Paweł Tracz, 95 722 69 37, [email protected]
Gorzowianka Agnieszka Skobel (z piłką) i Walerija Musina z CCC już w poprzednich sezonach toczyły ze sobą zacięte boje. Jutro znów spotkają się w ligowym klasyku.
Gorzowianka Agnieszka Skobel (z piłką) i Walerija Musina z CCC już w poprzednich sezonach toczyły ze sobą zacięte boje. Jutro znów spotkają się w ligowym klasyku. Bogusław Sacharczuk
Drugim po Wiśle Can-Pack Kraków rywalem, z którym akademiczki "nie mają prawa wygrać", jest CCC Polkowice. Sobotni rywal gorzowianek jest dużo mocniejszy od naszych, ale nie jest powiedziane, że nie można z nim powalczyć.

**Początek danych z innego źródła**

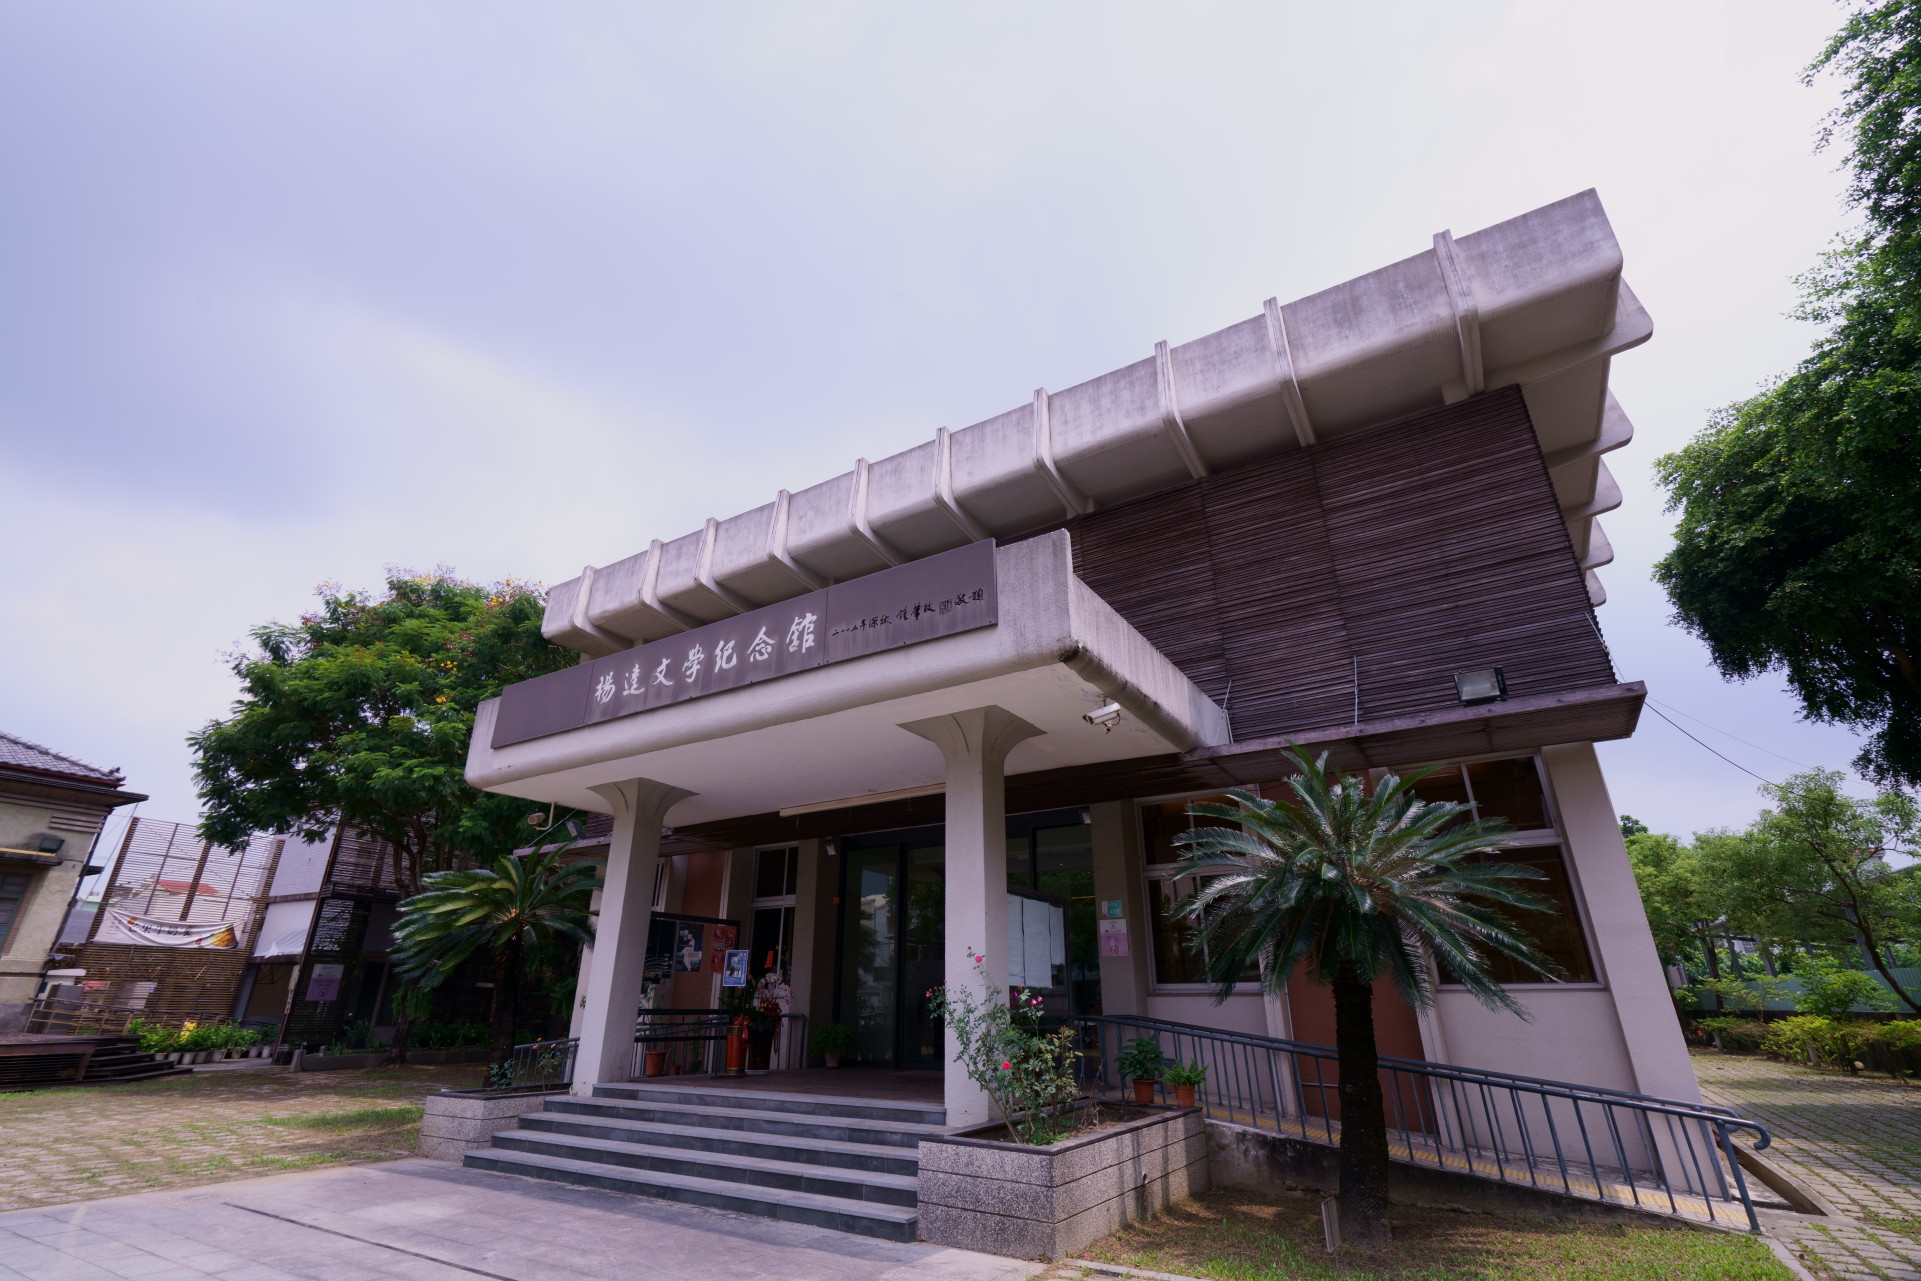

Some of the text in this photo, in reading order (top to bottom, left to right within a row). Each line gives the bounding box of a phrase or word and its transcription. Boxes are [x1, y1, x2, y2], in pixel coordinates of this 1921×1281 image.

"Biała Gwiazda" i CCC to polscy reprezentanci w elitarnej Eurolidze. KSSSE AZS PWSZ spędził w niej dwa sezony, więc nasi kibice poznali już smak najsilniejszych rozgrywek na Starym Kontynencie. Obie drużyny są głównymi kandydatami do mistrzostwa Polski, obie są najeżone gwiazdami. Ale jak pokazała pierwsza połowa meczu z wiślaczkami, można z nimi skutecznie rywalizować. Przynajmniej do czasu aż zabraknie sił.

Do spotkania z KSSSE AZS PWSZ "pomarańczowe" przystąpią z marszu. W środę przegrały u siebie po dogrywce z francuskim USO Mondeville 82:86. W pierwszym meczu Euroligi zabrakło już Ivany Jalcovej, z którą CCC rozwiązało kontrakt. Słowaczka miała być ważnym ogniwem w zespole Jacka Winnickiego, ale od kilku tygodni zmagała się z kontuzją ścięgna Achillesa. Ponieważ rehabilitacja przedłużyła się, po konsultacji z zawodniczką, działacze rozwiązali umowę za porozumieniem stron.

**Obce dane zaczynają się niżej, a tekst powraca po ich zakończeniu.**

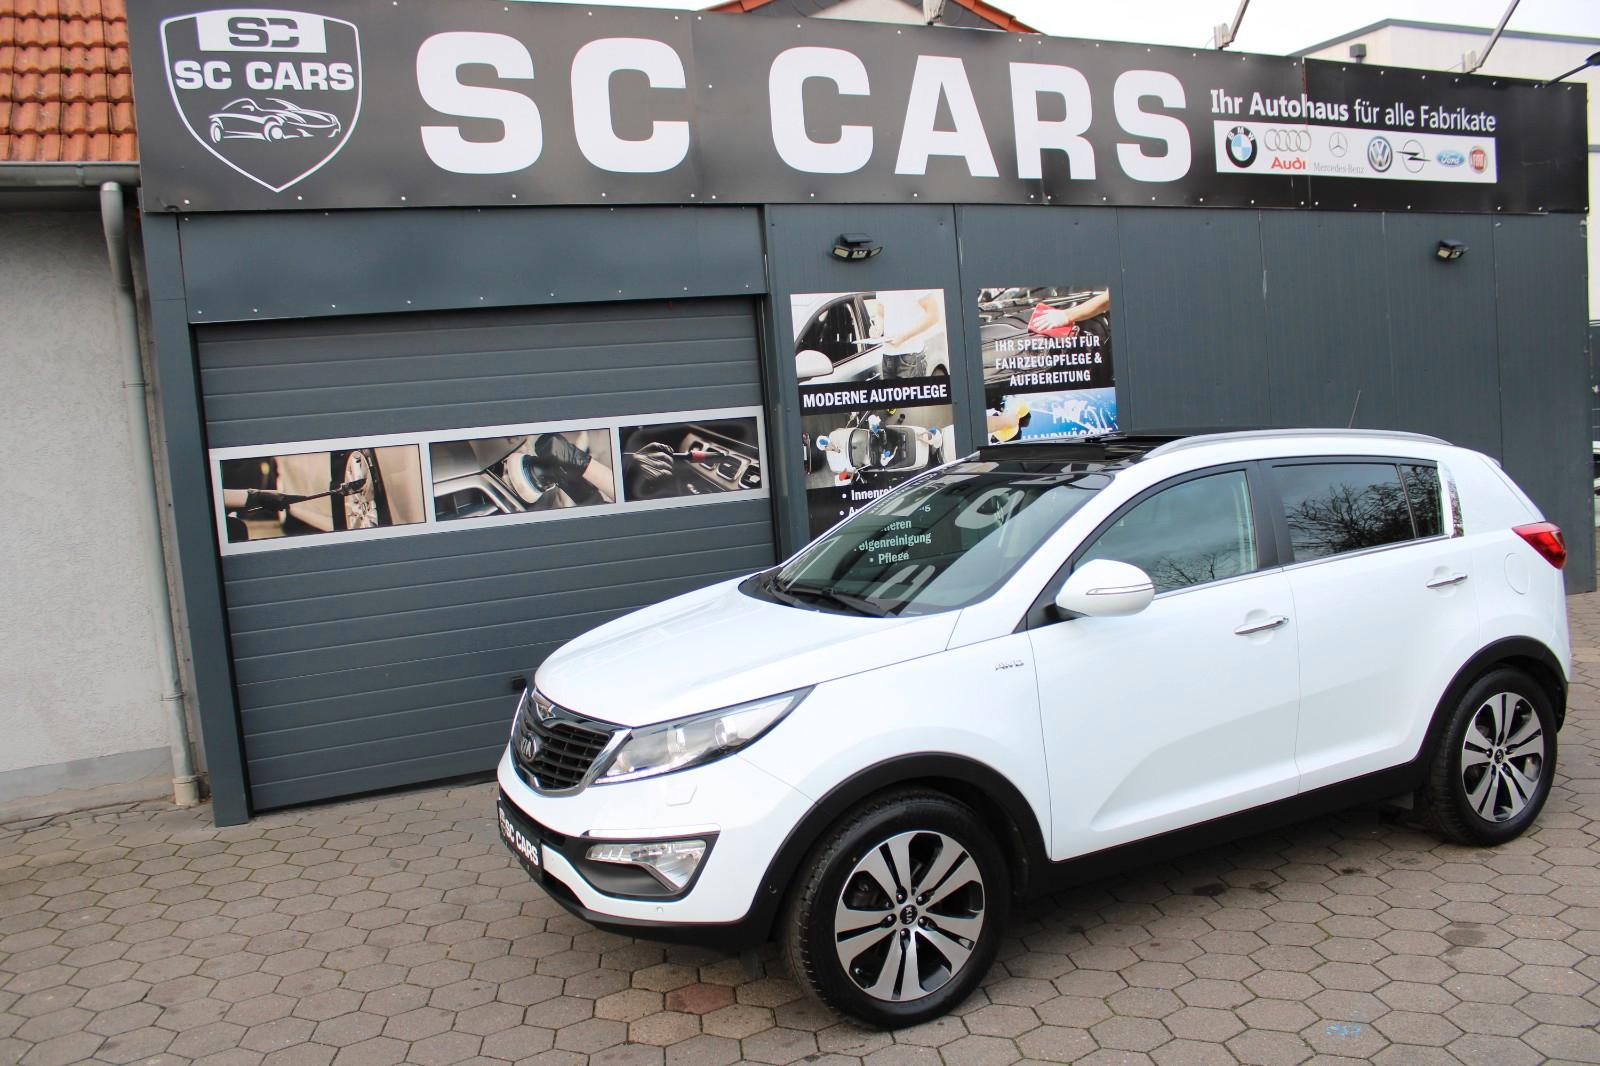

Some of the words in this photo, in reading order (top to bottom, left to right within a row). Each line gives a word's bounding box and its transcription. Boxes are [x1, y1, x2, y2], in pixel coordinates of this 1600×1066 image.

[174, 60, 232, 90] SC
[245, 61, 355, 91] CARS
[416, 31, 690, 174] SC
[768, 46, 1192, 182] CARS
[1210, 89, 1243, 114] Ihr
[1249, 92, 1349, 121] Autohaus
[1354, 98, 1380, 123] für
[1385, 102, 1415, 127] alle
[1420, 105, 1496, 132] Fabrikate
[1271, 157, 1306, 170] Audi
[995, 339, 1014, 352] IHR
[1017, 337, 1077, 351] SPEZIALIST
[1080, 334, 1100, 348] FÜR
[995, 353, 1092, 369] FAHRZEUGPFLEGE
[1094, 352, 1102, 364] &
[1010, 370, 1091, 387] AUFBEREITUNG
[803, 389, 868, 408] MODERNE
[869, 384, 948, 403] AUTOPFLEGE
[878, 552, 909, 565] Pflege
[515, 830, 539, 866] CARS

Nie oznacza to, że do Gorzowa przyjedzie słabsza drużyna. Jedną z gwiazd klubu z Polkowic jest Nnemakadi "Nneka" Ogwumike. Najlepsza debiutantka w WNBA już dwa dni temu pokazała ogromne możliwości, zdobywając w meczu z Mondeville najwięcej punktów dla CCC. Gorzej było z jej skutecznością, bo trafiała tylko co drugi rzut za dwa. Nie zmienia to faktu, że jest koszykarką o wielkim potencjale: ma doskonałe czucie piłki i świetnie walczy w strefie podkoszowej. Jej upilnowanie będzie dla akademiczek sporym wyzwaniem.
Drugą z liderek przyjezdnych jest Belinda Snell, brązowa medalistka Igrzysk Olimpijskich w Londynie. Nasi kibice już mieli okazję zobaczyć jej nieprzeciętne umiejętności. W sezonie 2008/2009 Australijka przyjechała do Gorzowa z Dynamem Moskwa, z którym KSSSE AZS PWSZ walczył w fazie grupowej Eurocup Women. Oprócz tego duetu Winnicki ma do dyspozycji takie zawodniczki, jak Laia Palau, Walerija Musina, Walerija Berezynska, Magdalena Leciejewska i Agnieszka Majewska.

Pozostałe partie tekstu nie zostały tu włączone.